Gabrielle smiled up at him. ‘It’s nice of you to say so. But you couldn’t know you’d find me, could you? I’m just glad you did, that’s all. You mustn’t mind me being a neurotic old cow who wants her man to herself.’
‘But you have me all—’
‘Hush now!’ She put her fingers lightly, laughingly on his lips, stilling his words, enjoying that small mastery over him. ‘I know you’d like to be with me all the time. It’s just that when you’re not, strange fancies take over. I haven’t much else to occupy my tiny mind, you see.’ She beamed up at him, hoping their display of confidence would disguise the emptiness of her life without him and the desperate loneliness and insecurity which sometimes beset her in the gilded cage of the penthouse apartment at Old Mead Park. She wondered if it would be too late at forty-one to have a first baby. And how her new partner would react to that idea.
He put on the jacket of the business suit and completed the last move back into that working world of which she knew so little. When he kissed her briefly and left, she felt he was already a stranger.
She dressed slowly, fighting ineffectively against the bleakness which always stole over her when they had parted. Perhaps it was no more than the post-coital triste which her reading told her was common after the heights of passion. For in truth she was a novice in the emotions which are the setting for any stolen passion such as this.
James Berridge had been his wife’s first lover. She was an attractive woman, with a suggestion of the gypsy girl beneath her well-bred, intelligent exterior, and in her two decades of unhappiness there had been many opportunities for her to take others. Yet now, after twenty years, Ian Faraday was her first excursion from the long-cold marital bed.
At forty-one, she was thrown off balance by her first heady experience of passionate sex and the disturbing flood-tide of emotions which came with it. It was both exciting and disturbing, not least because she did not fully understand what was happening to her.
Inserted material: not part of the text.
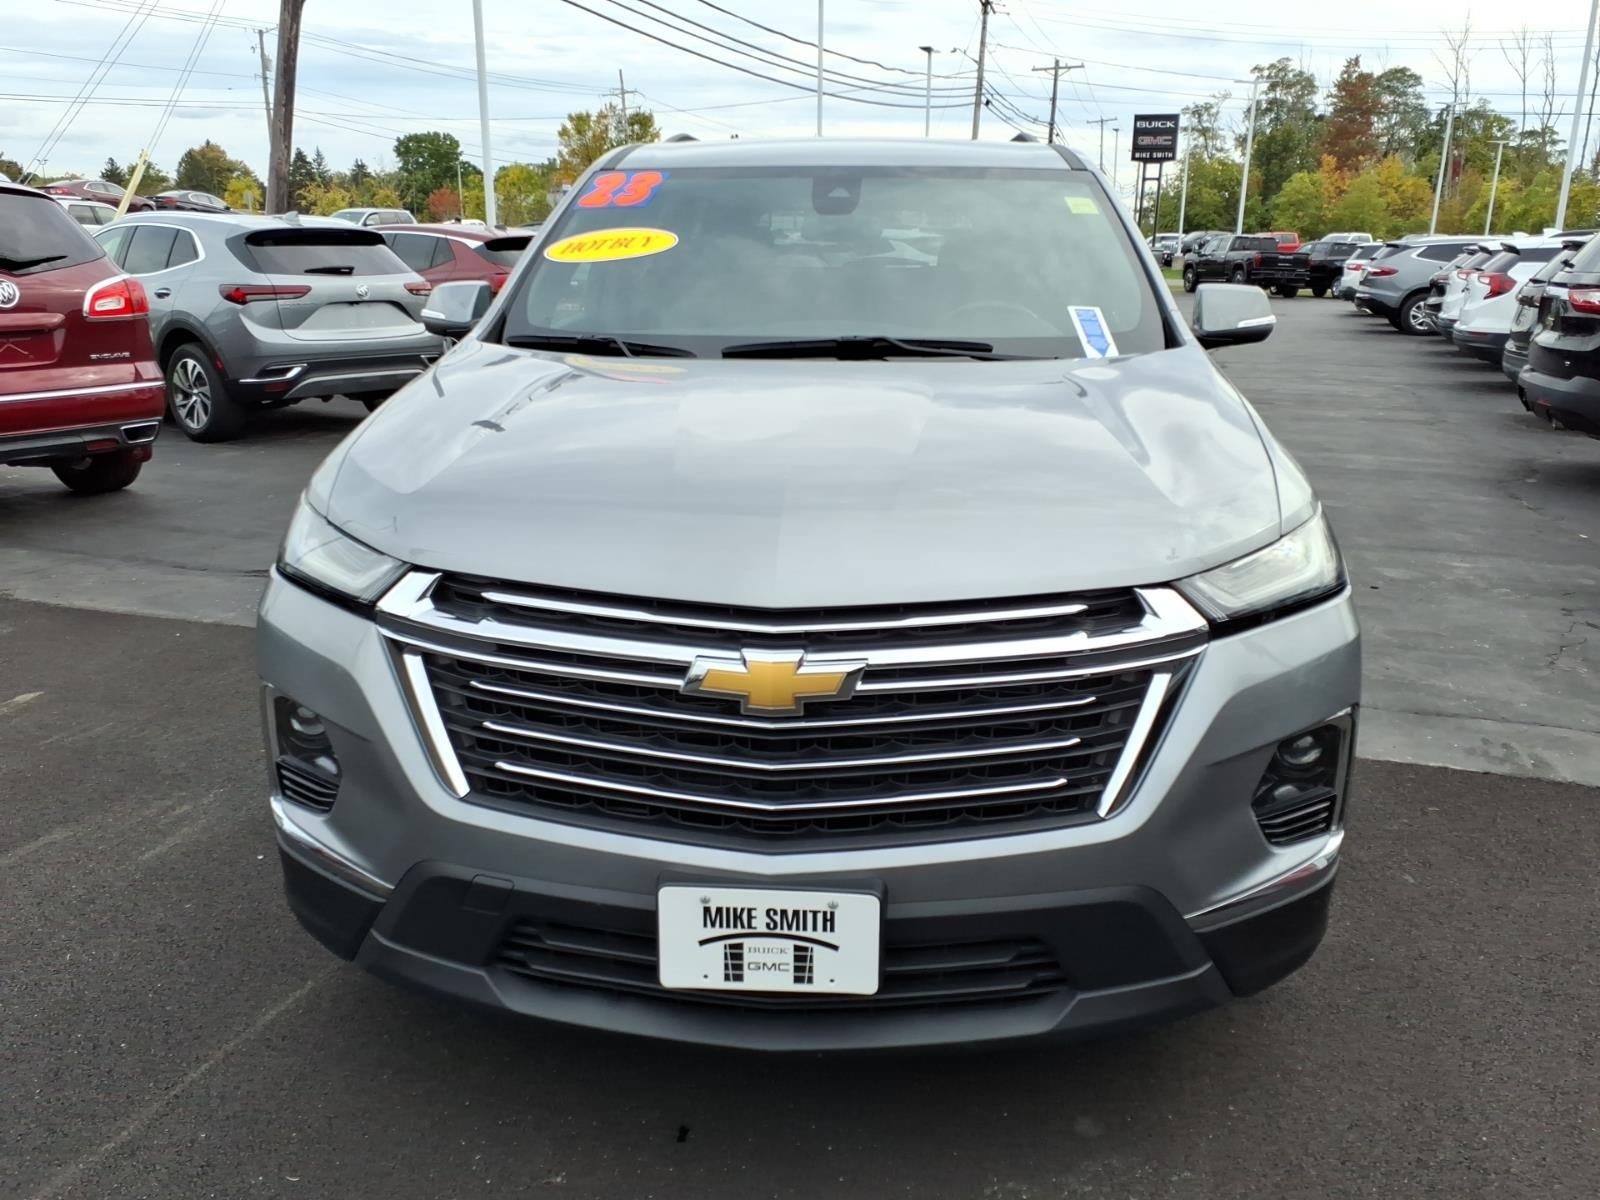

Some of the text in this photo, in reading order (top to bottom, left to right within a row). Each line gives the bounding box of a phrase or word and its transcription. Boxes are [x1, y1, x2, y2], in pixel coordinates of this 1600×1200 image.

She spent the days when she could not see Ian wishing that she could be with him, wishing that like him she was free to make her own domestic arrangements.
Like all lovers in her situation, she hated the secrecy shrouding a liaison which she yearned to present to the world in all its proud beauty.
Her resentment turned inevitably to the husband who was the unwitting obstacle to her desires. She frightened herself by the new intensity of her hatred for him. There were certainly times now when she wished him dead, and delicious intervals when she considered the vision of the simpler world in which that would leave her.
But what she found most disturbing were the moments when she discovered herself toying with the idea of killing him herself.
6
It had been a good day, Charlie Pegg decided. He had completed the installation of a new boiler in an Oldford garage in the morning, tested the system, and found it working perfectly. The staff had been full of praise as the heat seeped into their hangar-like workshop. The sense of accomplishment had given him great satisfaction in itself, for this had been the biggest heating job he had so far dared to tackle.
The fact that he had managed a revealing glimpse of a bank statement on the desk of the empty office was merely icing on the cake.
Late in the afternoon, he called to see his friend George Lewis, the porter at Old Mead Park. There was work for him in three of the flats, it seemed. Small jobs, more bother than they were worth in themselves, but sprats which in due course could net him mackerels. That was a pattern which had become familiar: customers who tested his work and found it satisfactory usually came back in due course with more challenging assignments. And Charlie noted with some satisfaction, as George Lewis showed him what was required, that he had not been in two of the flats before.
The third one was the luxurious penthouse of James and Gabrielle Berridge, where Mrs Berridge apparently wanted new locks on the drawers of her bureau. Charlie thought he could guess at the reason for that, but he asked Lewis to let him in for a moment to reconnoitre the work. The suggestion that they might enjoy a cup of tea and chinwag over old times in George’s cosy little office near the entrance to the building sent the porter swiftly down in the lift; portering could be lonely work. Charlie Pegg found there were three messages on the Berridges’ answerphone tape. Then he spent an interesting three minutes in James Berridge’s study.
***
Amy asked him about his day as she always did, and he told her everything he thought she should know. He knew his eyes were prejudiced, but he thought her as buxom and pretty as she had ever been. It seemed to him that Amy was one of the few women who improved with age, as her angularities disappeared beneath a pleasant plumpness. Perhaps it was contentment rather than all these mudpacks and facelifts the Americans went in for that was the secret of retaining a woman’s looks, he thought.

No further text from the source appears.